─── Supplied records ───

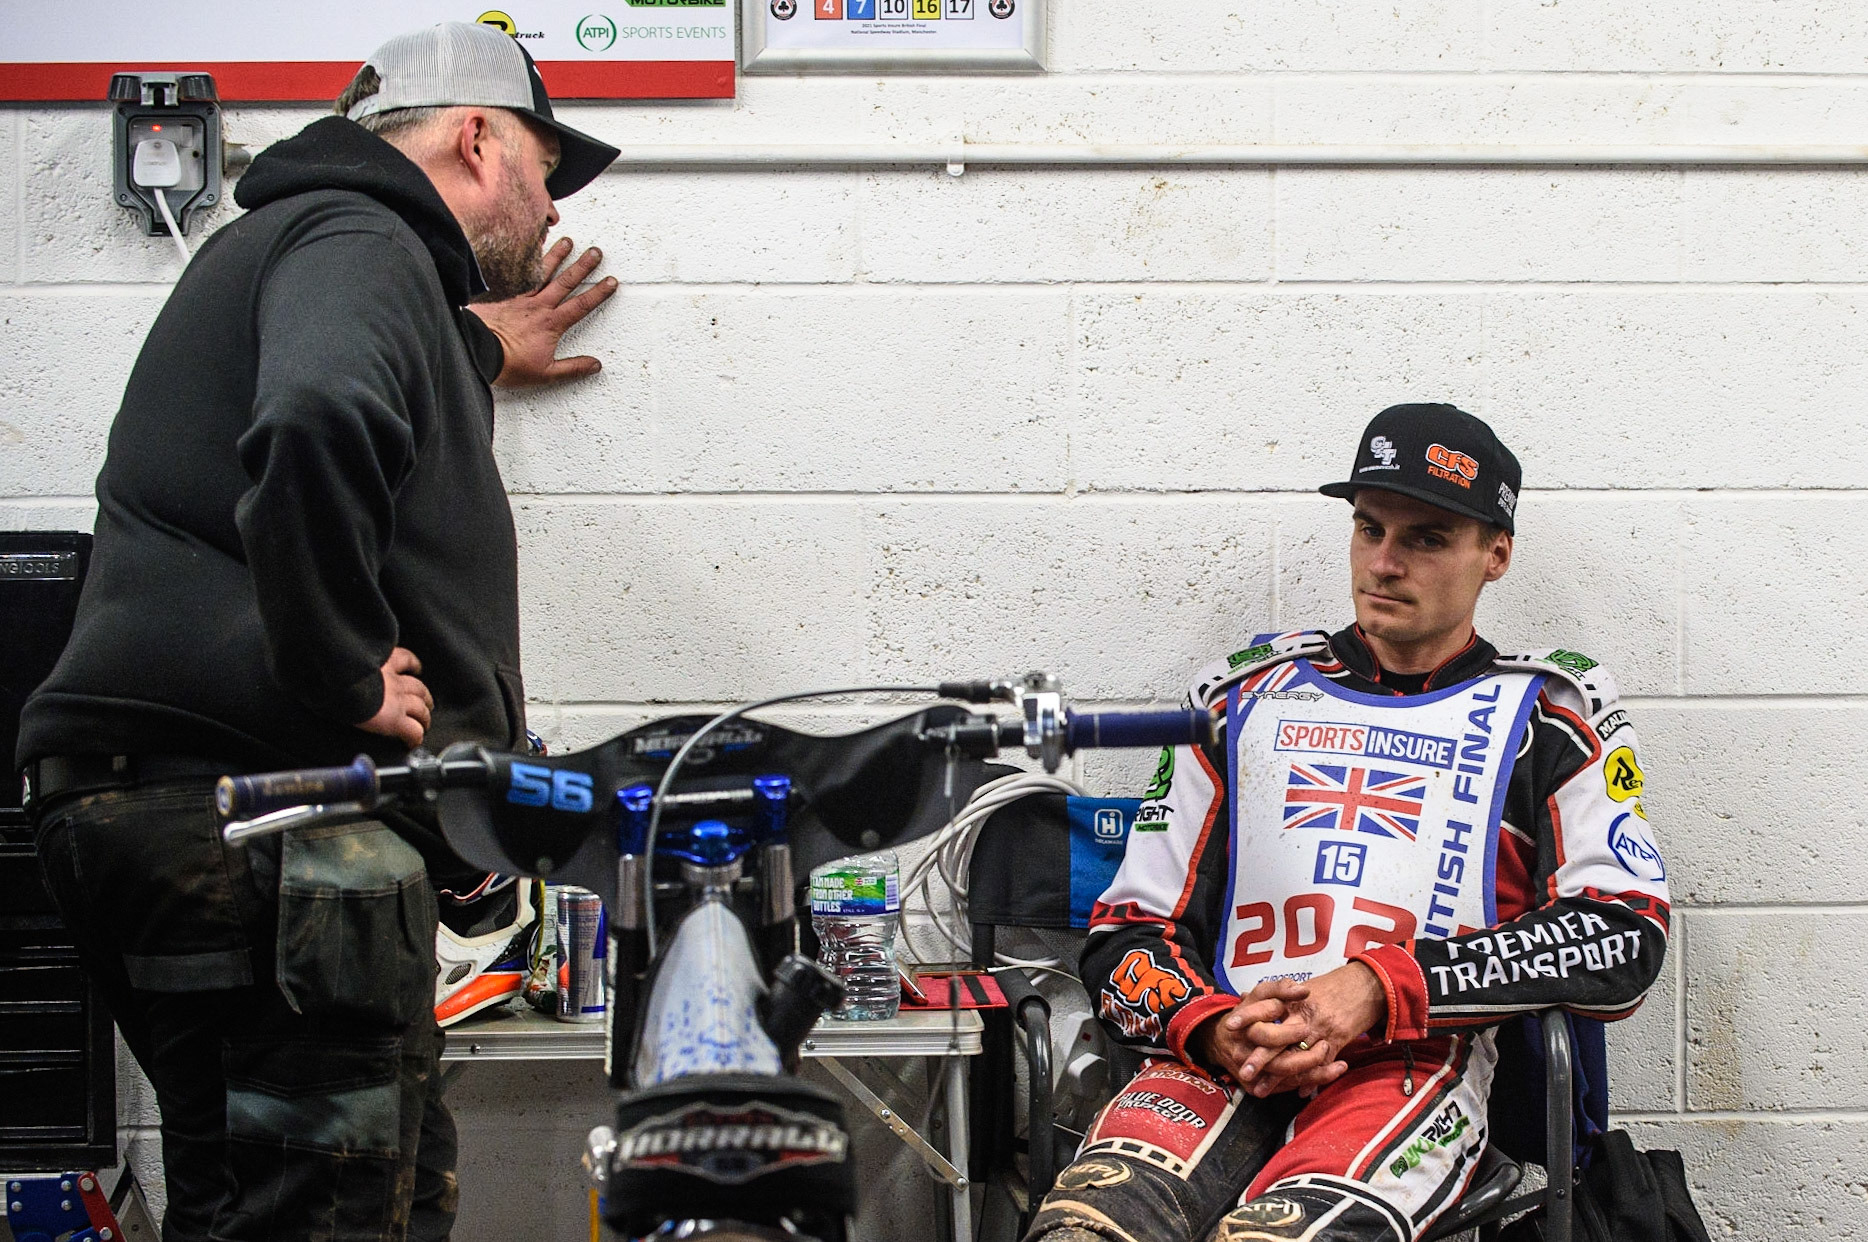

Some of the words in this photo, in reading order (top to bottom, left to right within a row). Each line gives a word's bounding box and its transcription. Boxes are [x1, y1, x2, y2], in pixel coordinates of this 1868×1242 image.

[822, 0, 835, 14] 4
[856, 0, 867, 14] 7
[883, 0, 905, 14] 10
[916, 0, 938, 14] 16
[949, 0, 969, 14] 17
[583, 27, 610, 39] ATPI
[622, 26, 674, 39] SPORTS
[677, 26, 726, 39] EVENTS
[1427, 445, 1478, 479] CFS
[1427, 465, 1471, 489] FILTRATION
[1241, 691, 1325, 702] SYNERGY
[1280, 725, 1365, 751] SPORTS
[1367, 730, 1452, 765] INSURE
[507, 762, 593, 812] 56
[1424, 819, 1473, 940] ITISH
[1452, 684, 1501, 804] FINAL
[1321, 844, 1361, 882] 15
[1230, 893, 1478, 968] 202
[1447, 911, 1610, 960] PREMIER
[1430, 929, 1642, 996] TRANSPORT
[1157, 1098, 1207, 1129] DOOR

───

Leave out the pictures, then copy all the remaining text in the records exactly.

**Task response**:
Some of the words in this photo, in reading order (top to bottom, left to right within a row). Each line gives a word's bounding box and its transcription. Boxes are [x1, y1, x2, y2], in pixel coordinates of this 1868×1242 image.

[822, 0, 835, 14] 4
[856, 0, 867, 14] 7
[883, 0, 905, 14] 10
[916, 0, 938, 14] 16
[949, 0, 969, 14] 17
[583, 27, 610, 39] ATPI
[622, 26, 674, 39] SPORTS
[677, 26, 726, 39] EVENTS
[1427, 445, 1478, 479] CFS
[1427, 465, 1471, 489] FILTRATION
[1241, 691, 1325, 702] SYNERGY
[1280, 725, 1365, 751] SPORTS
[1367, 730, 1452, 765] INSURE
[507, 762, 593, 812] 56
[1424, 819, 1473, 940] ITISH
[1452, 684, 1501, 804] FINAL
[1321, 844, 1361, 882] 15
[1230, 893, 1478, 968] 202
[1447, 911, 1610, 960] PREMIER
[1430, 929, 1642, 996] TRANSPORT
[1157, 1098, 1207, 1129] DOOR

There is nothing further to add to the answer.